Signora Pandolfi's companion was her old maid-of-all-work, Assunta, commonly called Suntarella, without whom she rarely stirred abroad—a little old woman, in neat but dingy-coloured garments, with a grey woollen shawl drawn over her head like a cowl, instead of a bonnet.

Marzio finished fastening the door, and then turned round. On seeing his wife he remained silent for a moment, looking at her with an expression of dissatisfied inquiry. He had not expected her.

"Well?" he ejaculated at last.

"It is dinner time," remarked the stout lady.

"Yes, I heard the gun," answered Marzio drily. "It is the same as if you had told me," he added ironically, as he turned and led the way across the street.

"A pretty answer!" exclaimed Maria Luisa, tossing her large head as she followed her lord and master to the door of their house. Meanwhile Assunta, the old servant, glanced at Gianbattista, rolled up her eyes with an air of resignation, and spread out her withered hands for a moment with a gesture of despair, instantly drawing them in again beneath the folds of her grey woollen shawl.

"Gadding!" muttered Marzio, as he entered the narrow door from which the dark steps led abruptly upwards. "Gadding—always gadding! And who minds the soup-kettle when you are gadding, I should like to know? The cat, I suppose! Oh, these women and their priests! These priests and these women!"

"Lucia is minding the soup-kettle," gasped Maria Luisa, as she puffed up stairs behind her thin and active husband.

"Lucia!" cried Marzio angrily, a flight of steps higher. "I suppose you will bring her up to be woman of all work? Well, she could earn her living then, which is more than you do! After all, it is better to mind a soup-kettle than to thump a piano and to squeal so that I can hear her in the shop opposite, and it is better than hanging about the church all the morning, or listening to Paolo's drivelling talk.
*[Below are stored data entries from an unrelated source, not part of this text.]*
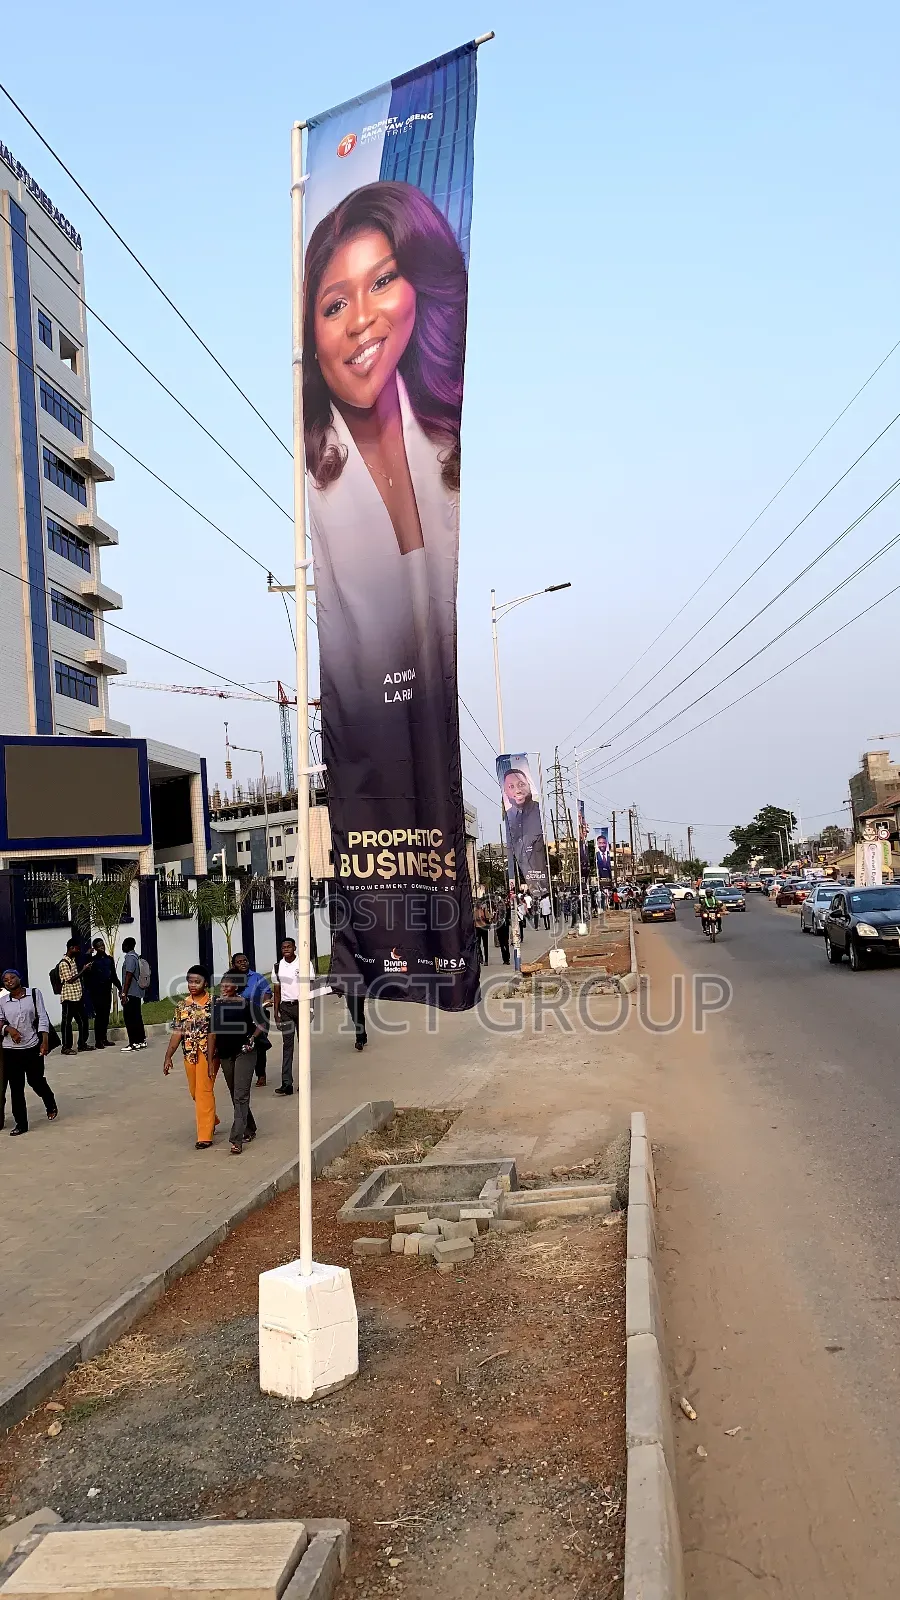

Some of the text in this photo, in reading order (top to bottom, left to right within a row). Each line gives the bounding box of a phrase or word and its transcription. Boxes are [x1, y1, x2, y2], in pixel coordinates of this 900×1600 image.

[361, 112, 434, 140] NANA YAW OBENG
[362, 116, 399, 133] PROPHET
[53, 206, 82, 251] ACCRA
[383, 667, 416, 685] ADWOA
[348, 828, 443, 849] PROPHETIC
[384, 959, 408, 967] Divine
[438, 957, 466, 968] UPSA
By all means keep her in the kitchen."

It was hard to say whether Signora Pandolfi was puffing or sighing as she paused for breath upon the landing, but there was probably something of both in the labour of her lungs. She was used to Marzio. She had lived with him for twenty years, and she knew his moods and his ways, and detected the coming storm from afar. Unfortunately, or perhaps fortunately, for her, there was little variety in the sequence of his ideas. She was accustomed to his beginning at the grumbling stage before dinner, and proceeding by a crescendo movement to the pitch of rage, which was rarely reached until he had finished his meal, when he generally seized his hat and dragged Gianbattista away with him, declaring loudly that women were not fit for human society. The daily excitement of this comedy had long lost its power to elicit anything more than a sigh from the stout Maria Luisa, who generally bore Marzio's unreasonable anger with considerable equanimity, waiting for his departure to eat her boiled beef and salad in peace with Lucia, while old Assunta sat by the table with the cat in her lap, putting in a word of commiseration alternately with a word of gossip about the lodgers on the other side of the landing. The latter were a young and happy pair: the husband, a chorus singer at the Apollo, who worked at glove cleaning during the day time; his wife, a sempstress, who did repairs upon the costumes of the theatre. Their apartments consisted of two rooms and a kitchen, while Marzio and his family occupied the rest of the floor, and entered their lodging by the opposite door.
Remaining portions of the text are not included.